Collins comments on the injustices suffered by the Duchess of Windsor:
“I’m always fascinated by women who everybody says are nasty people. And when you strip it all off, you find out that they’re not really.”
Collins discusses her struggle to shed her Dynasty Persona of “superbitch” Alexis Carrington:
“If I’d ever met Wallis, I could have commiserated with her about how the press treated me while I was playing Alexis. I mean when [Dynasty producer] Aaron Spelling said, ‘Joan is Alexis,’ that haunted me for so long. I said, ‘Aaron, why did you say that? You know that’s not true,’ and he said, ‘Honey, it gets headlines.’”

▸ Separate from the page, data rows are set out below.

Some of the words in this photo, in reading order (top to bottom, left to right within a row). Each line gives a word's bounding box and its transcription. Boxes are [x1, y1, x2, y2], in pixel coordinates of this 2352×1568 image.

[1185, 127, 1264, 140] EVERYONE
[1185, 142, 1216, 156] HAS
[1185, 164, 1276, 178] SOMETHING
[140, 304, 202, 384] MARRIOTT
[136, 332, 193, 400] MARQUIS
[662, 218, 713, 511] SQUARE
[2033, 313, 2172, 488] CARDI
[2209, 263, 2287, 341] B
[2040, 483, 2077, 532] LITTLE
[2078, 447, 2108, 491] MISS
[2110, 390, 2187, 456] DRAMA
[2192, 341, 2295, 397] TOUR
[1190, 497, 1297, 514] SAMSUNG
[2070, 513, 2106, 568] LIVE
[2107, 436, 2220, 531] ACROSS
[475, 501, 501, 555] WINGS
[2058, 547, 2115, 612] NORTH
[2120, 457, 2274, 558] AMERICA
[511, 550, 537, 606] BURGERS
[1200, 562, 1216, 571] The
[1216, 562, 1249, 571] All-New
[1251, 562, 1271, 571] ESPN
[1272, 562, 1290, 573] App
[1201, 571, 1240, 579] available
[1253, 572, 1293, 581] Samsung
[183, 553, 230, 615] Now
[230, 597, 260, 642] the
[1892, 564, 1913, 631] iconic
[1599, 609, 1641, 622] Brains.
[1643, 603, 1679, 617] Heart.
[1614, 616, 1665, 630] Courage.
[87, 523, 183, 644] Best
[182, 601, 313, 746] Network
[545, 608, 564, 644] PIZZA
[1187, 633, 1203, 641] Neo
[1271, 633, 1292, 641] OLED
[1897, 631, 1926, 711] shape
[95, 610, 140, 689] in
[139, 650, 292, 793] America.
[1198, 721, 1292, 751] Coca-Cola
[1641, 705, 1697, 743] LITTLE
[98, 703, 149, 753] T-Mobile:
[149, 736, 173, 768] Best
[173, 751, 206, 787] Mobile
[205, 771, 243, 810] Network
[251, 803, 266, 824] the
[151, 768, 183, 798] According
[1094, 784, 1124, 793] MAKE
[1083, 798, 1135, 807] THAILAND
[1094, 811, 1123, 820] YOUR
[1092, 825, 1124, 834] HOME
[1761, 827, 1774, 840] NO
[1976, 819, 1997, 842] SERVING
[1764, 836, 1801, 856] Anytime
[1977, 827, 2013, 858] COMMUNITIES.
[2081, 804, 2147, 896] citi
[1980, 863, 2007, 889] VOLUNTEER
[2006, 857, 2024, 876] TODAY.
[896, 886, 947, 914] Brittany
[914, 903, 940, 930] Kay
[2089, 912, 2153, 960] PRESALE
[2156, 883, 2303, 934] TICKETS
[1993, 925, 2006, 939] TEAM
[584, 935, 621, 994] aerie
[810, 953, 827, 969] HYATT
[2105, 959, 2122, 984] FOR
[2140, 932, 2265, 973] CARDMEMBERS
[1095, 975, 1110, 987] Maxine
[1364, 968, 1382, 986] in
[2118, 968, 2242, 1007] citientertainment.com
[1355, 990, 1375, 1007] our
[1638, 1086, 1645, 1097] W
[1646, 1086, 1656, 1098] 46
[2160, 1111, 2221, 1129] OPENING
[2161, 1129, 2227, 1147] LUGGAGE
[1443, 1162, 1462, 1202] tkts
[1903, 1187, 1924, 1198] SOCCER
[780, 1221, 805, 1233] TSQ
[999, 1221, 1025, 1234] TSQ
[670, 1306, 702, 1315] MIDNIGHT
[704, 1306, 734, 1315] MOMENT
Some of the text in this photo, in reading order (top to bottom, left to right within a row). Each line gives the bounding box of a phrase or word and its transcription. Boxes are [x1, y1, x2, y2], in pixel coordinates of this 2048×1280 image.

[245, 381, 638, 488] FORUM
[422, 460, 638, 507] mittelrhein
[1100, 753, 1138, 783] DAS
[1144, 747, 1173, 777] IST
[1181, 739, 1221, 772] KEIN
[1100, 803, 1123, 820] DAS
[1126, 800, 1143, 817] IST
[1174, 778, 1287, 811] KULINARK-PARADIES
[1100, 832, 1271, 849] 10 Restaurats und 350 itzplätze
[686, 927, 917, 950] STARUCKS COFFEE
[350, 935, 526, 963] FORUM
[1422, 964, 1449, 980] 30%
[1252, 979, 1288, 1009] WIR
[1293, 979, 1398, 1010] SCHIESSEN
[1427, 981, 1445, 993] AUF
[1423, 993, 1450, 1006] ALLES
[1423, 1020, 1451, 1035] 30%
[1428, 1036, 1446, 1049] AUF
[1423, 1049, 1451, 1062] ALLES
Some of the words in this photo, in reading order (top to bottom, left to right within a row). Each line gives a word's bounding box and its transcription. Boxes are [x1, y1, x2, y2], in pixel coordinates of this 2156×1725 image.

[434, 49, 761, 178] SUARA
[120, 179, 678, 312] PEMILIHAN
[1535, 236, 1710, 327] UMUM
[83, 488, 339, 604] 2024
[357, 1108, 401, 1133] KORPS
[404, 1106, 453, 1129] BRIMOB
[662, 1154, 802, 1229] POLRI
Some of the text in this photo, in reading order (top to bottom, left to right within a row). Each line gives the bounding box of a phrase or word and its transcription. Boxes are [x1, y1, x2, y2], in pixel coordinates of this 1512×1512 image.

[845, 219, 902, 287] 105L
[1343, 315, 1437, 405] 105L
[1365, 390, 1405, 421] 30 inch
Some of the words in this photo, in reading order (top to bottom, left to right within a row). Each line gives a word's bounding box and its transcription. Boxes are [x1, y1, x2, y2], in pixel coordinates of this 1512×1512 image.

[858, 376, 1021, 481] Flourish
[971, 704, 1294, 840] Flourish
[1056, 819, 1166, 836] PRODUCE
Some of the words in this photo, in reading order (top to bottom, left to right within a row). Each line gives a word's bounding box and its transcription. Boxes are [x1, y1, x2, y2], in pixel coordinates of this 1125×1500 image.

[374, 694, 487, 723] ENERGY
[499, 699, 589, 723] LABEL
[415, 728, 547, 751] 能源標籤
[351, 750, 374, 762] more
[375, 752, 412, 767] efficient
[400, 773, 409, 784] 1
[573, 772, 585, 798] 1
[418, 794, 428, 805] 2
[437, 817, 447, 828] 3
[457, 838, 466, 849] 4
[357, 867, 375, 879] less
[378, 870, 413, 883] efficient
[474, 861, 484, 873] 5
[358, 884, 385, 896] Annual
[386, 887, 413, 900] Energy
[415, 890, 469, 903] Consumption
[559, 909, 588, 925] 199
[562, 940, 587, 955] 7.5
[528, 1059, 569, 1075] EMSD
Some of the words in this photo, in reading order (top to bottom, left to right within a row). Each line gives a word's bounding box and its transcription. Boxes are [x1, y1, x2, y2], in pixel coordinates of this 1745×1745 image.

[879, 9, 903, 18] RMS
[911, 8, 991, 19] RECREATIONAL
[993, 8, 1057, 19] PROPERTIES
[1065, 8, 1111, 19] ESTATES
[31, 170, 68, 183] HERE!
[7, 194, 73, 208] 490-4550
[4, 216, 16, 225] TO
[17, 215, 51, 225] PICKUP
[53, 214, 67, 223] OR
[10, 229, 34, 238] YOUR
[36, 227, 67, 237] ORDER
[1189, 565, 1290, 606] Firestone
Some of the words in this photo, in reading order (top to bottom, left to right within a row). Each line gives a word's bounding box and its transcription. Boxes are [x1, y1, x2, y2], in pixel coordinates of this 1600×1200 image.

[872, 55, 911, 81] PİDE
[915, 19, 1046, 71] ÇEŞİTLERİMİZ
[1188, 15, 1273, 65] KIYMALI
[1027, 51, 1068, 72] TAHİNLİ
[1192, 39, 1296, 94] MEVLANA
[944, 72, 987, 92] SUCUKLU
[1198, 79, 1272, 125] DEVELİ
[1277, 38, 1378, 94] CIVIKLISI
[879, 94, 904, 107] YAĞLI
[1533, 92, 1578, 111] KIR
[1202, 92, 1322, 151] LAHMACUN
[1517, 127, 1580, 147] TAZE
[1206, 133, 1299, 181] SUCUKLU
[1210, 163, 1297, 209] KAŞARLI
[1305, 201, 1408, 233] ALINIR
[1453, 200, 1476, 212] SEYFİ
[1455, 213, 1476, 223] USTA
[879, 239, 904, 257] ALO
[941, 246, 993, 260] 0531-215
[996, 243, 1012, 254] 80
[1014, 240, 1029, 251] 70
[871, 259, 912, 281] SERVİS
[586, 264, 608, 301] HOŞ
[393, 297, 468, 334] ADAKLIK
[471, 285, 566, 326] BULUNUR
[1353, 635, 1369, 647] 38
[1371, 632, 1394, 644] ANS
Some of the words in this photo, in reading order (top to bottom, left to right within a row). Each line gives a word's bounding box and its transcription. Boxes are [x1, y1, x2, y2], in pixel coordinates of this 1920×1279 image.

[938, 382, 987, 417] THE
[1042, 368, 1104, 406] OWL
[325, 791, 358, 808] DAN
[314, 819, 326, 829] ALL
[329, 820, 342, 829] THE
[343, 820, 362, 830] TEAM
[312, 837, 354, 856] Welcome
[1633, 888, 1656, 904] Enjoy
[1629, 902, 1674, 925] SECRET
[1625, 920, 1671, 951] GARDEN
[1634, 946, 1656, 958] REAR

Dame Joan Collins reflects on being pigeonholed as a “bad girl” and “sexpot”:
“[In the ‘90s], I did [a BBC adaptation] of Noël Coward’s Tonight at 8:30, where I played eight different roles, ranging from the elderly hag to the socialite to the abused housewife — but it doesn’t matter what you do. They have this image of you.”
Although her Miss Havisham-like turn in My Duchess might finally shatter that image:
Did she find that hard?
“No. Fame and glamour are ephemeral… I never chased that. I always chased being a good actress, and work, because I was the breadwinner for most of my life. I still am.”
Collins admits she finds red carpets quite hard going now:
“You have to get your face done. You have to get your eyelashes on. You have to choose the right dress. It’s just endless, before you even go.”
She will admit to a certain pride in this film:
“I absolutely hate watching myself, I always have done, but, you know… I thought I was rather good, actually. This was my passion project and it came to fruition. My other passion project, which never did, was Cleopatra. And then my friend Elizabeth Taylor got it.”